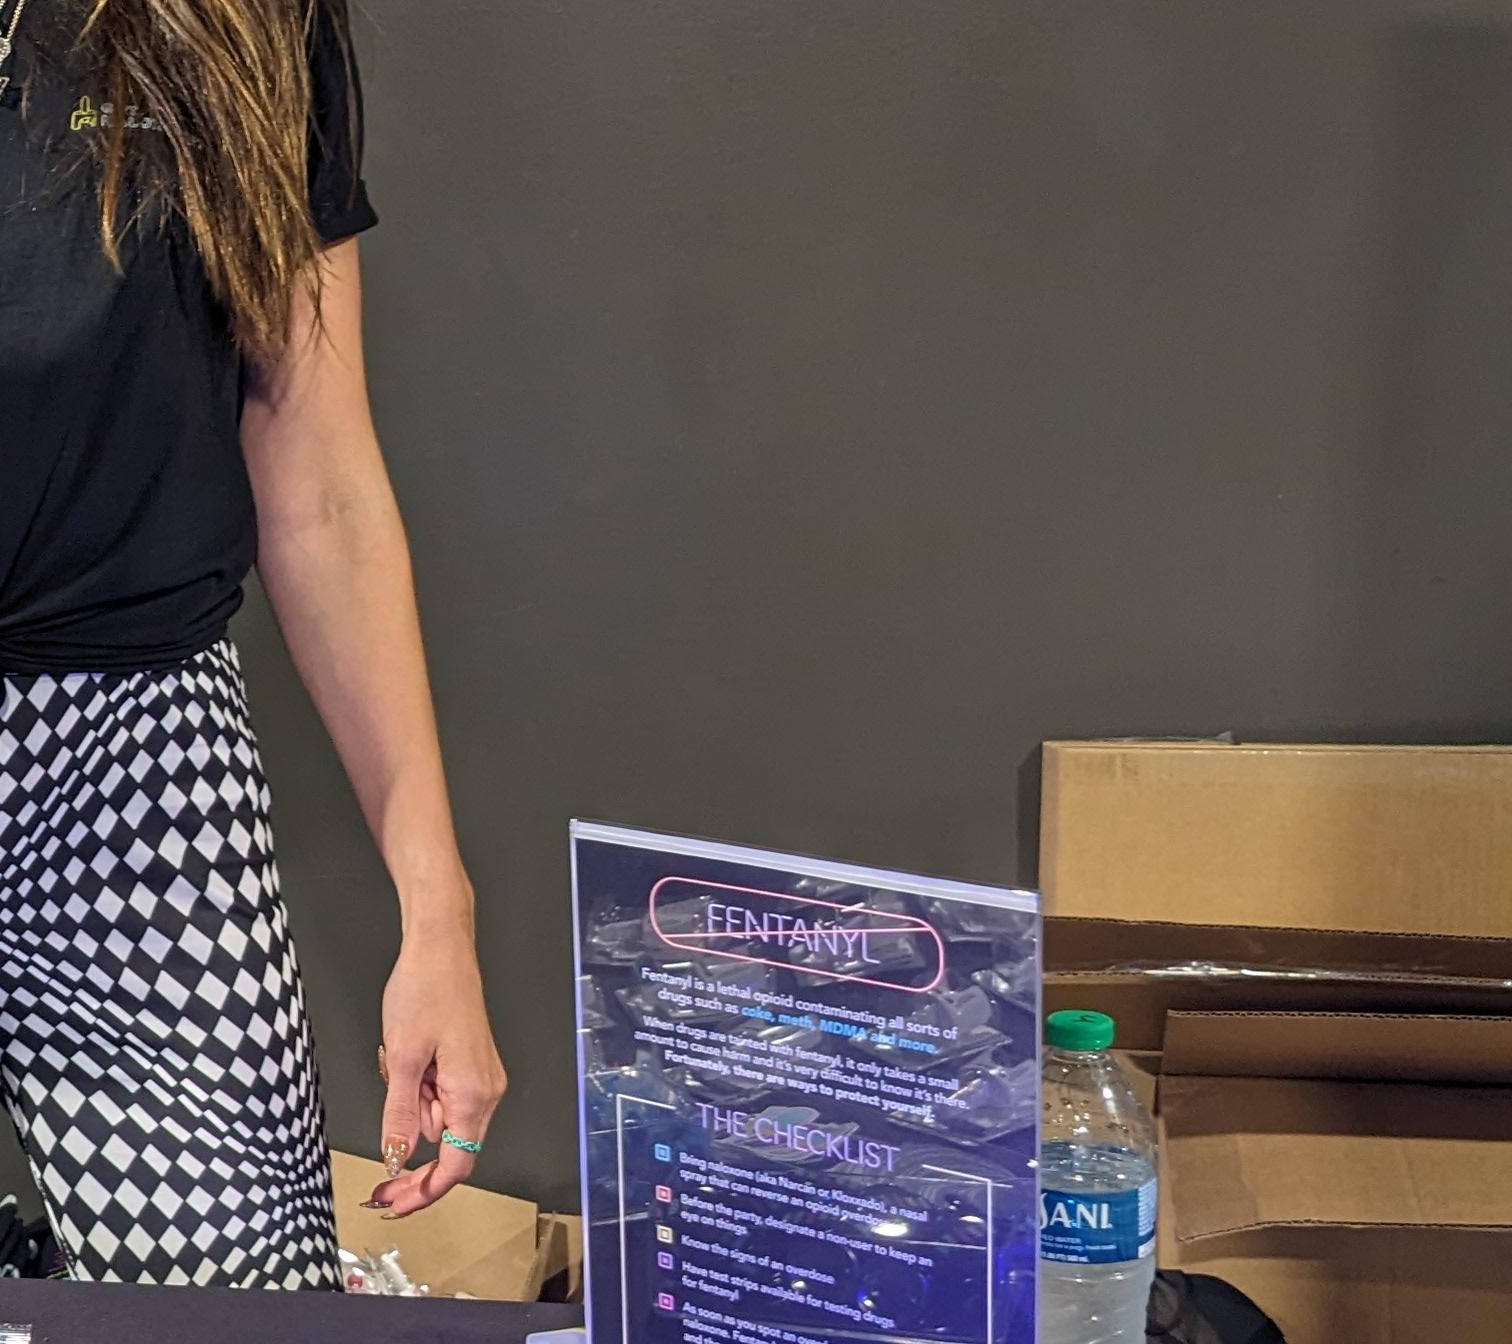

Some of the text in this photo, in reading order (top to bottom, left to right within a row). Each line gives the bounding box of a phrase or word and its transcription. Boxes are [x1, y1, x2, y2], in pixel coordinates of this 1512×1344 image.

[707, 903, 880, 964] FENTANYL
[642, 967, 958, 1040] Fentanyl is a lethal opioid contaminating all sorts of
[658, 987, 693, 1006] drugs
[694, 997, 722, 1010] such
[724, 1003, 738, 1014] as
[819, 1018, 867, 1040] MDMA
[869, 1031, 896, 1045] and
[898, 1038, 940, 1055] more.
[634, 1031, 675, 1047] amount
[676, 1038, 689, 1049] to
[690, 1042, 721, 1056] cause
[722, 1047, 751, 1062] harm
[752, 1056, 775, 1067] and
[795, 1065, 818, 1080] very
[820, 1067, 864, 1087] difficult
[865, 1077, 879, 1090] to
[880, 1079, 913, 1097] know
[643, 1015, 675, 1031] When
[676, 1022, 708, 1040] drugs
[709, 1031, 727, 1042] are
[728, 1034, 768, 1051] tainted
[769, 1043, 794, 1056] with
[846, 1057, 856, 1069] it
[857, 1061, 882, 1077] only
[883, 1066, 917, 1082] takes
[928, 1076, 960, 1090] small
[733, 1065, 765, 1081] there
[765, 1074, 786, 1085] are
[787, 1078, 818, 1093] ways
[819, 1084, 834, 1095] to
[835, 1088, 880, 1106] protect
[694, 1102, 901, 1172] THE CHECKLIST
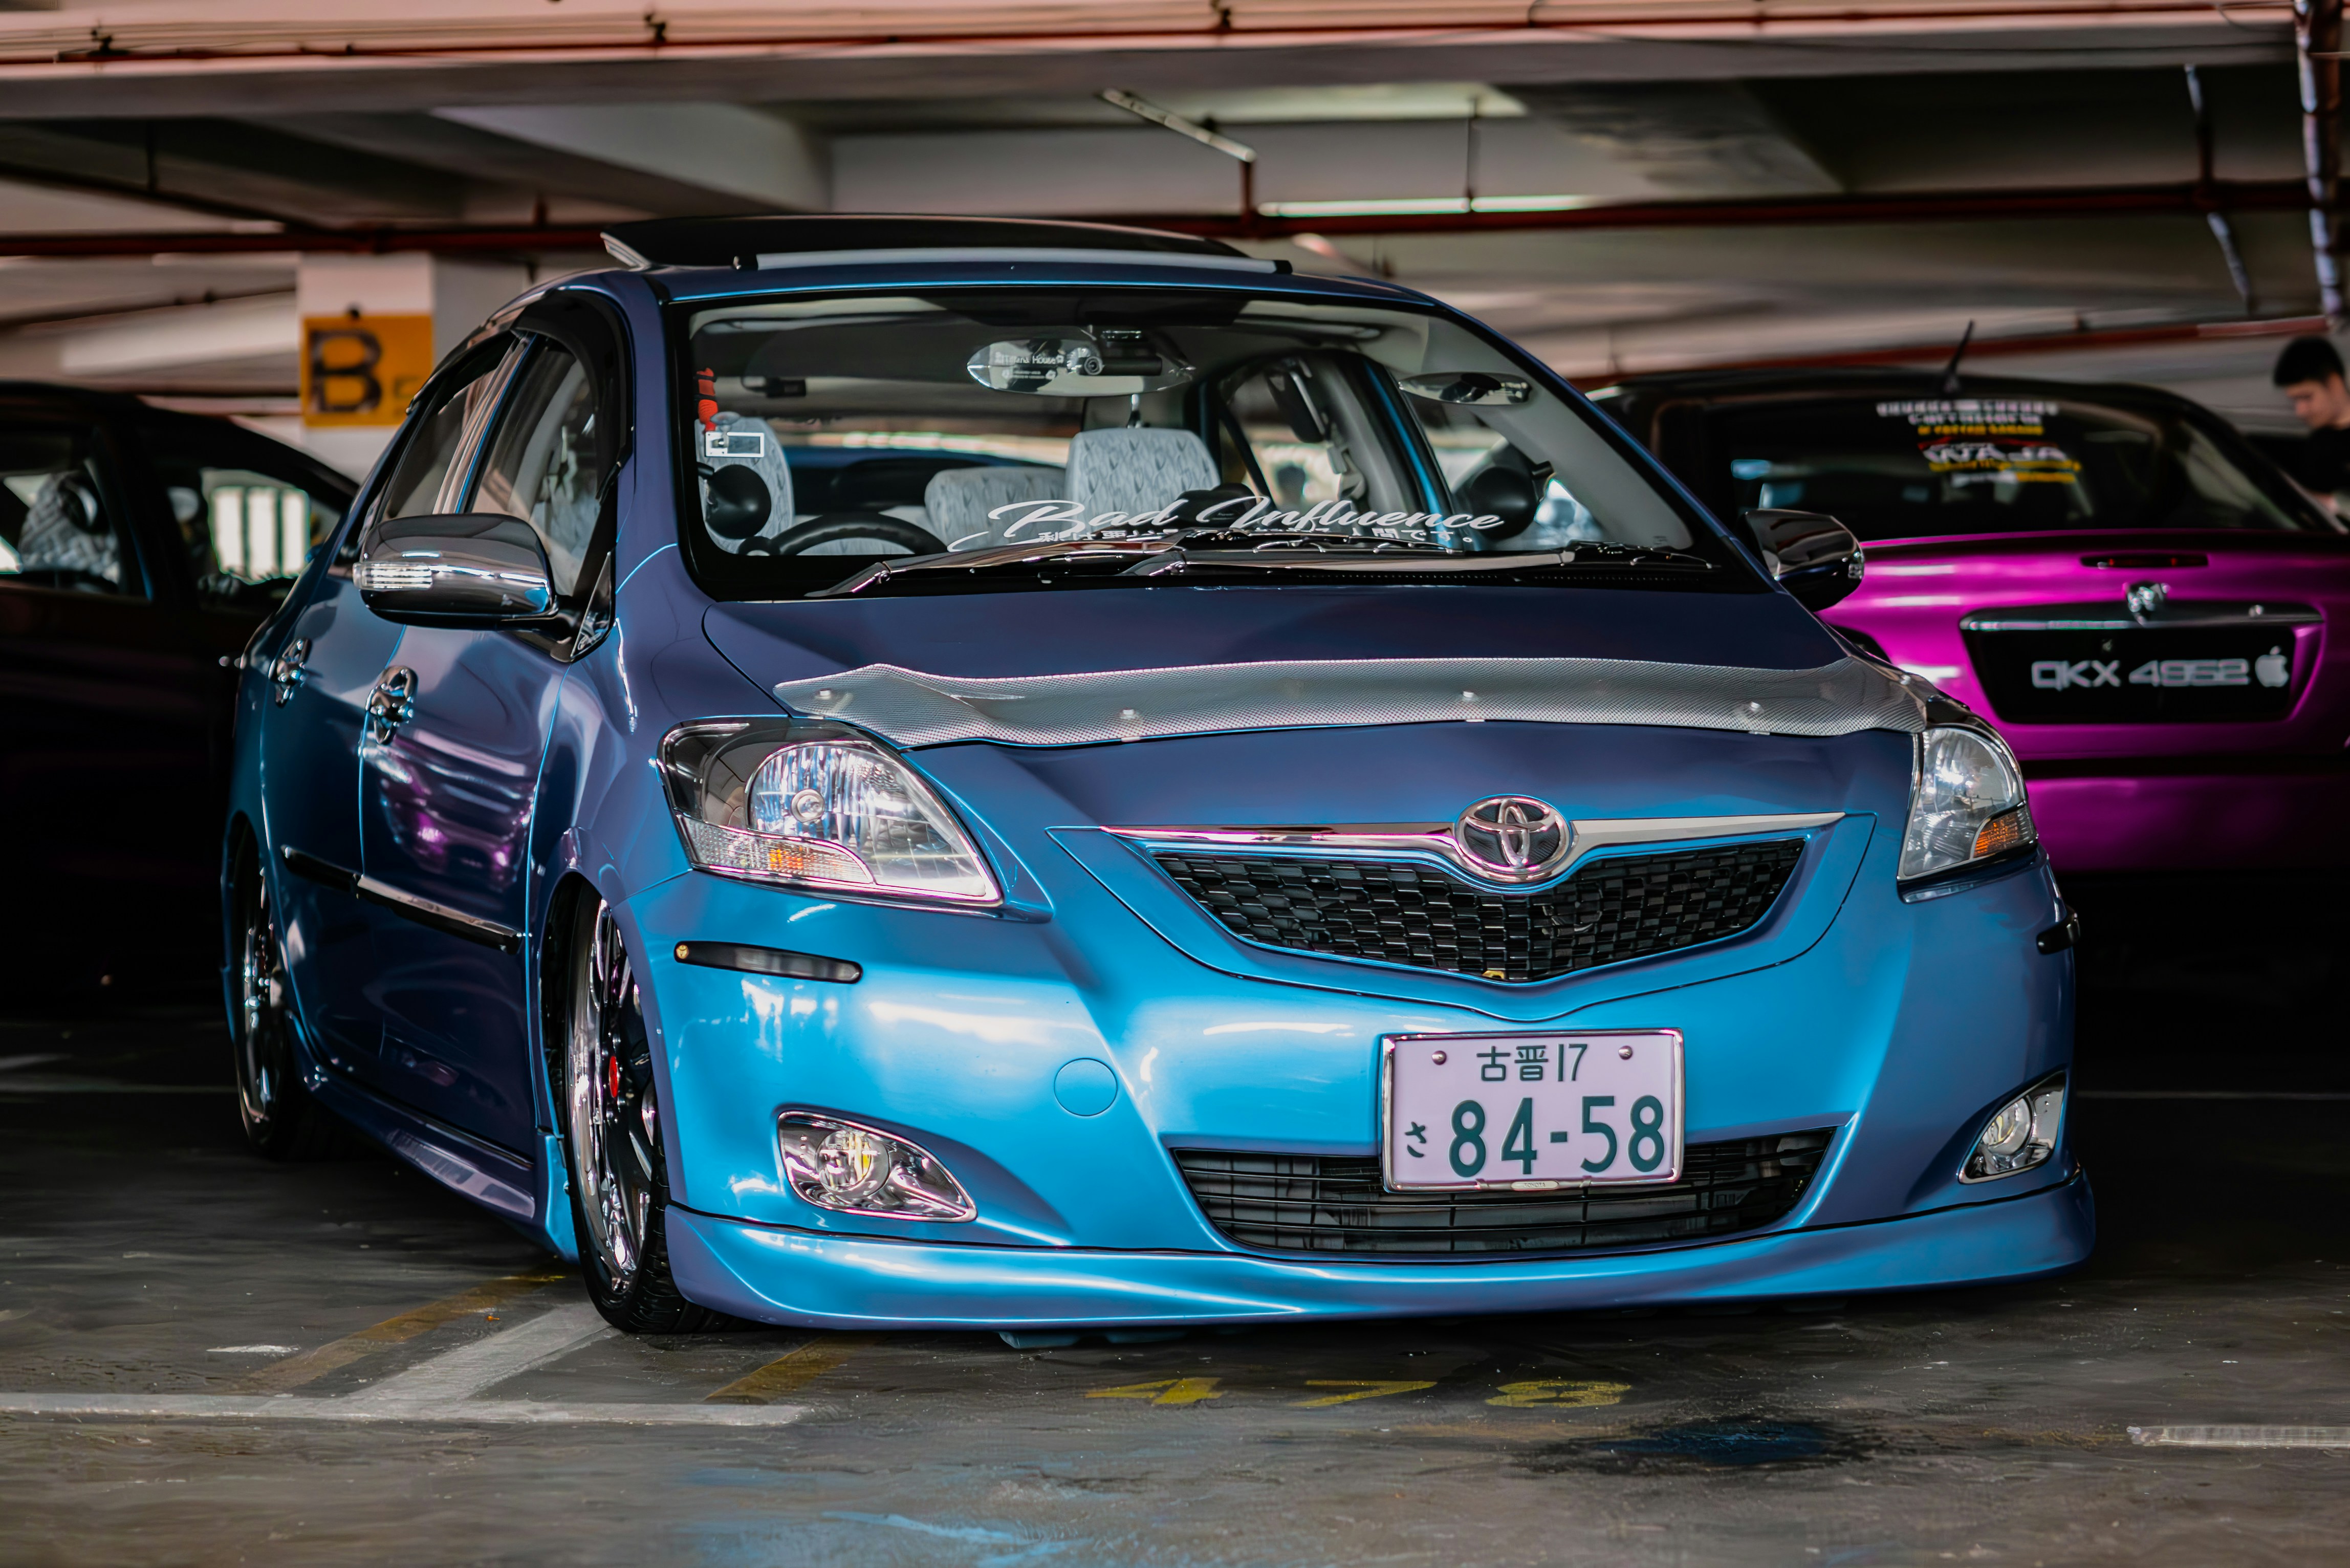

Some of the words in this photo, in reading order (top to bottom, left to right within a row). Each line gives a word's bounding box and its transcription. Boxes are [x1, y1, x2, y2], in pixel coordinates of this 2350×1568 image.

[310, 328, 382, 413] B
[947, 499, 1188, 552] Bad
[1195, 495, 1505, 532] Influence
[2032, 660, 2120, 690] QKX
[1405, 1122, 1426, 1158] さ
[1449, 1095, 1664, 1177] 84-58
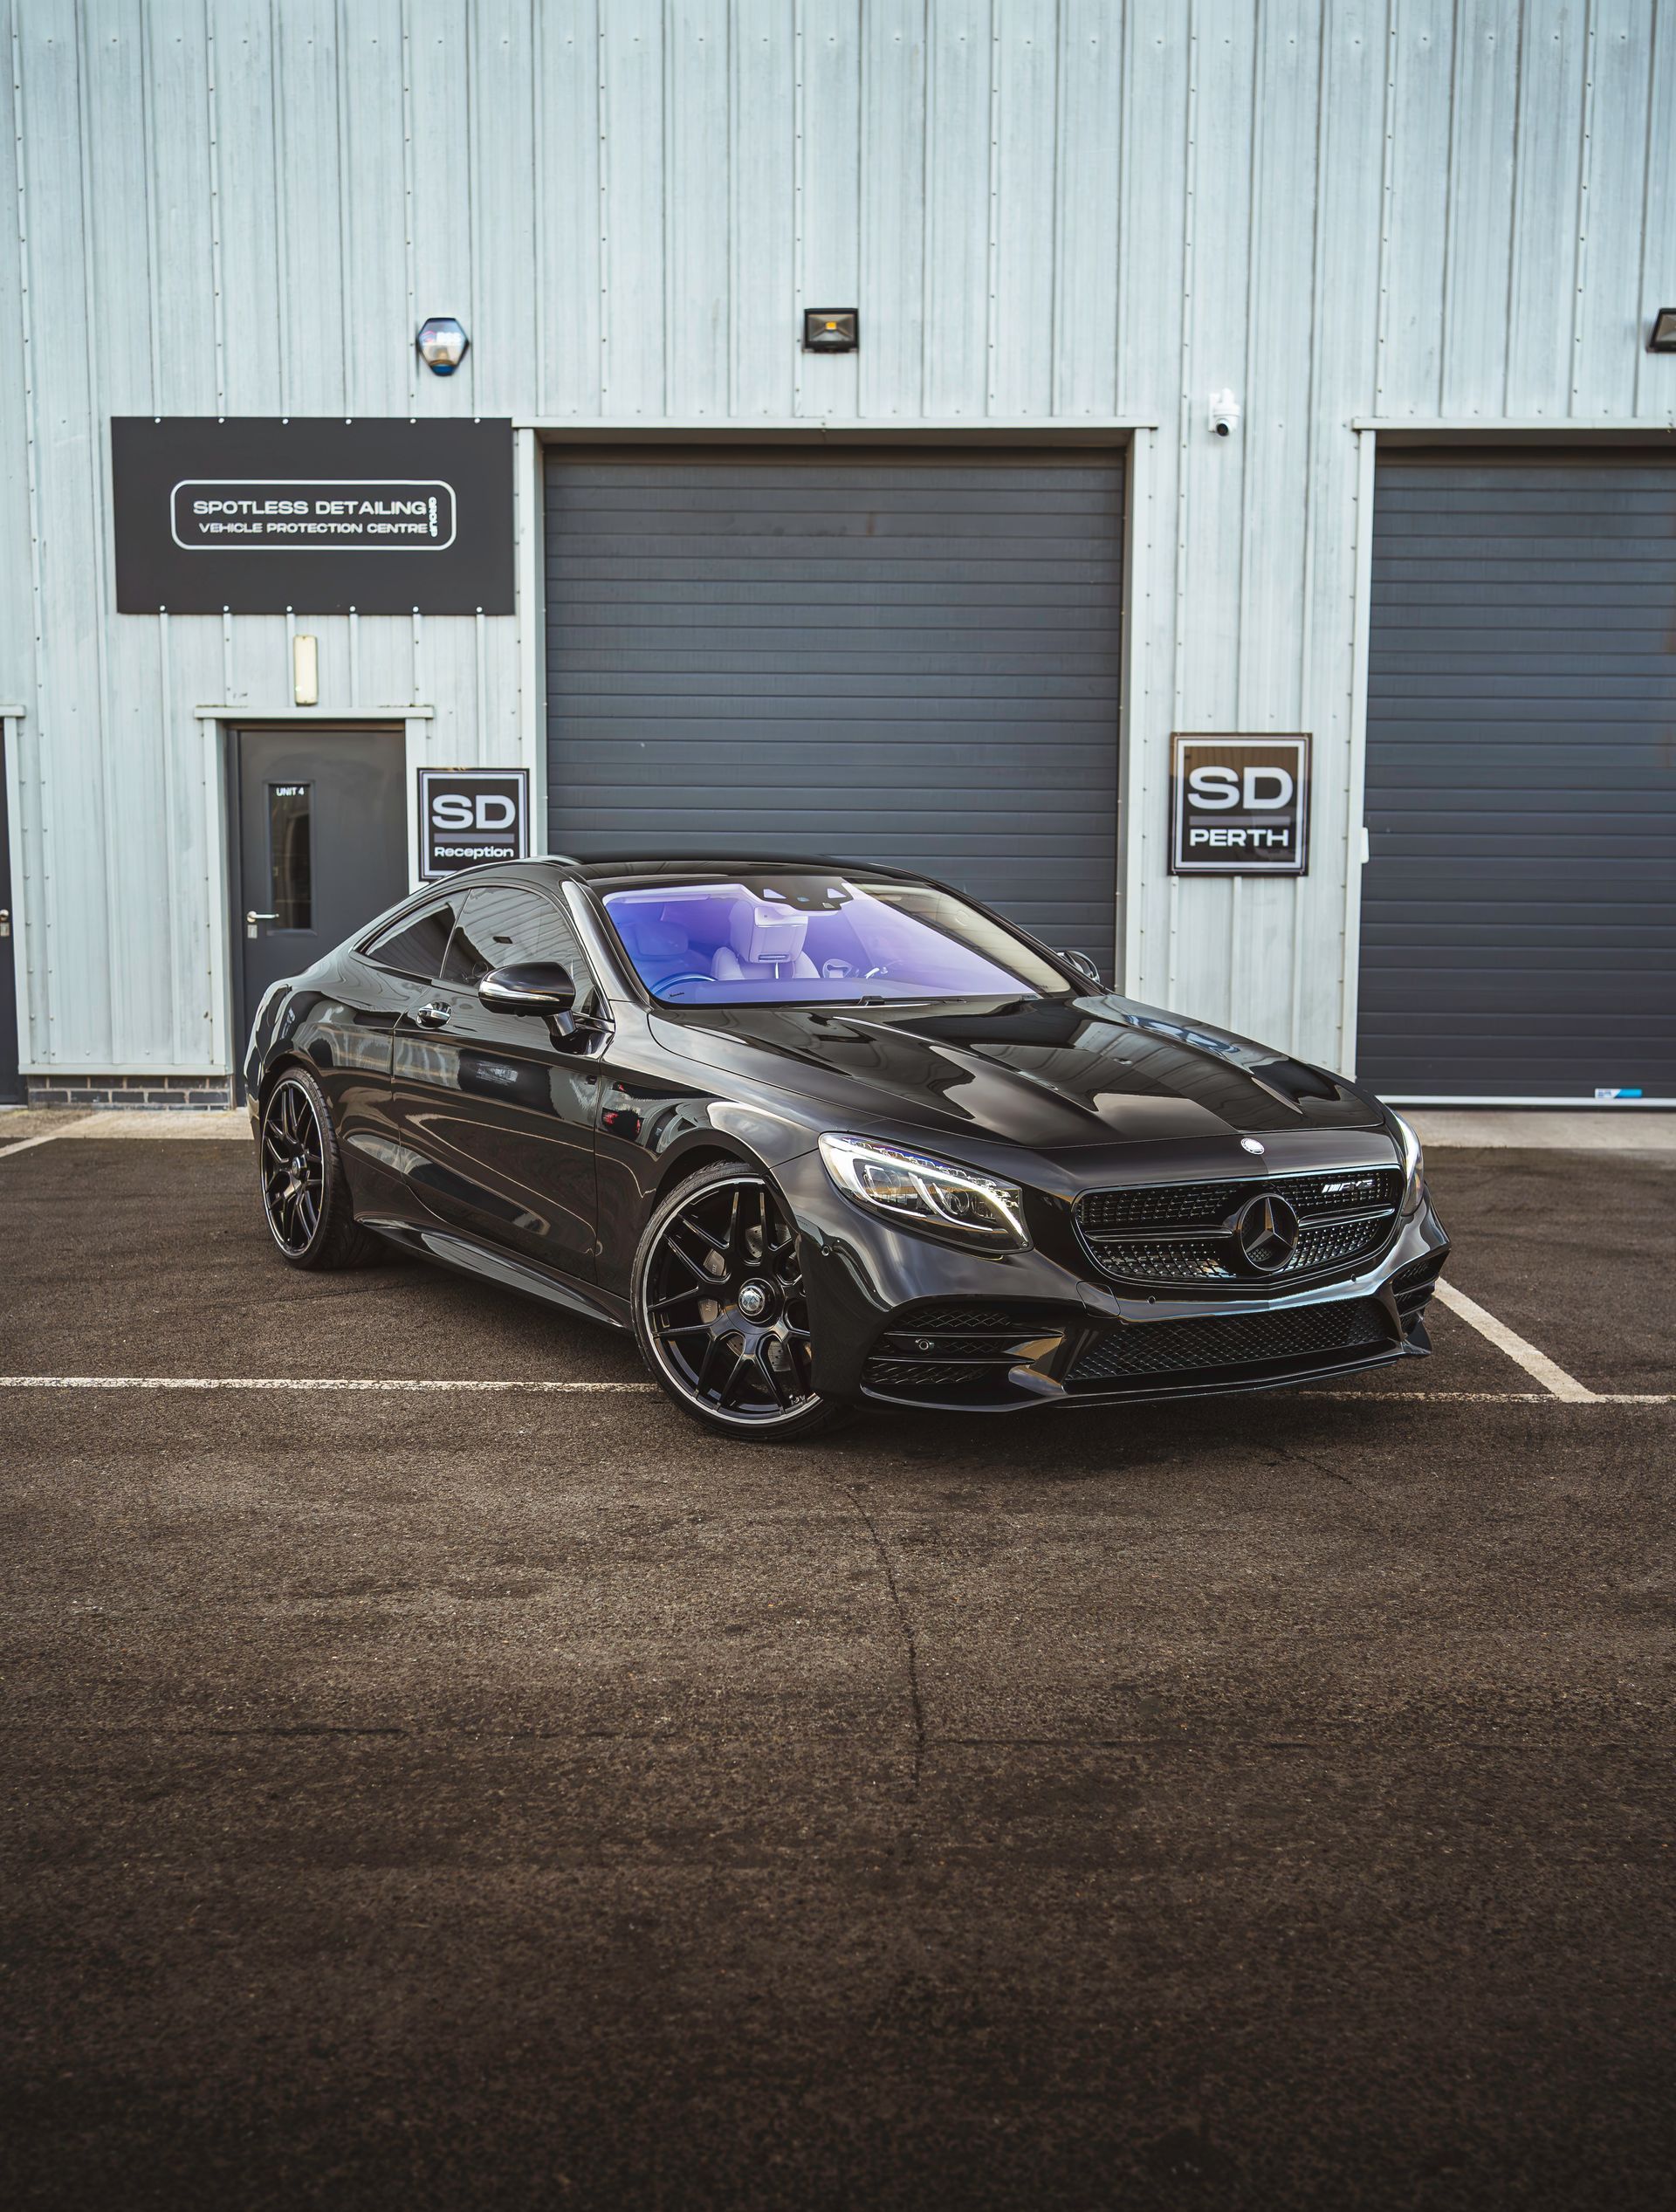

###

■ WHAT NEEDS TO BE DONE: Leave out the pictures, and retype exactly the lines from the one containing "Some of the words" through the last line of the data above, no more and no less.

■ RESPONSE AREA:
Some of the words in this photo, in reading order (top to bottom, left to right within a row). Each line gives a word's bounding box and its transcription. Boxes are [x1, y1, x2, y2], in pixel coordinates of this 2350×1568 image.

[310, 328, 382, 413] B
[947, 499, 1188, 552] Bad
[1195, 495, 1505, 532] Influence
[2032, 660, 2120, 690] QKX
[1405, 1122, 1426, 1158] さ
[1449, 1095, 1664, 1177] 84-58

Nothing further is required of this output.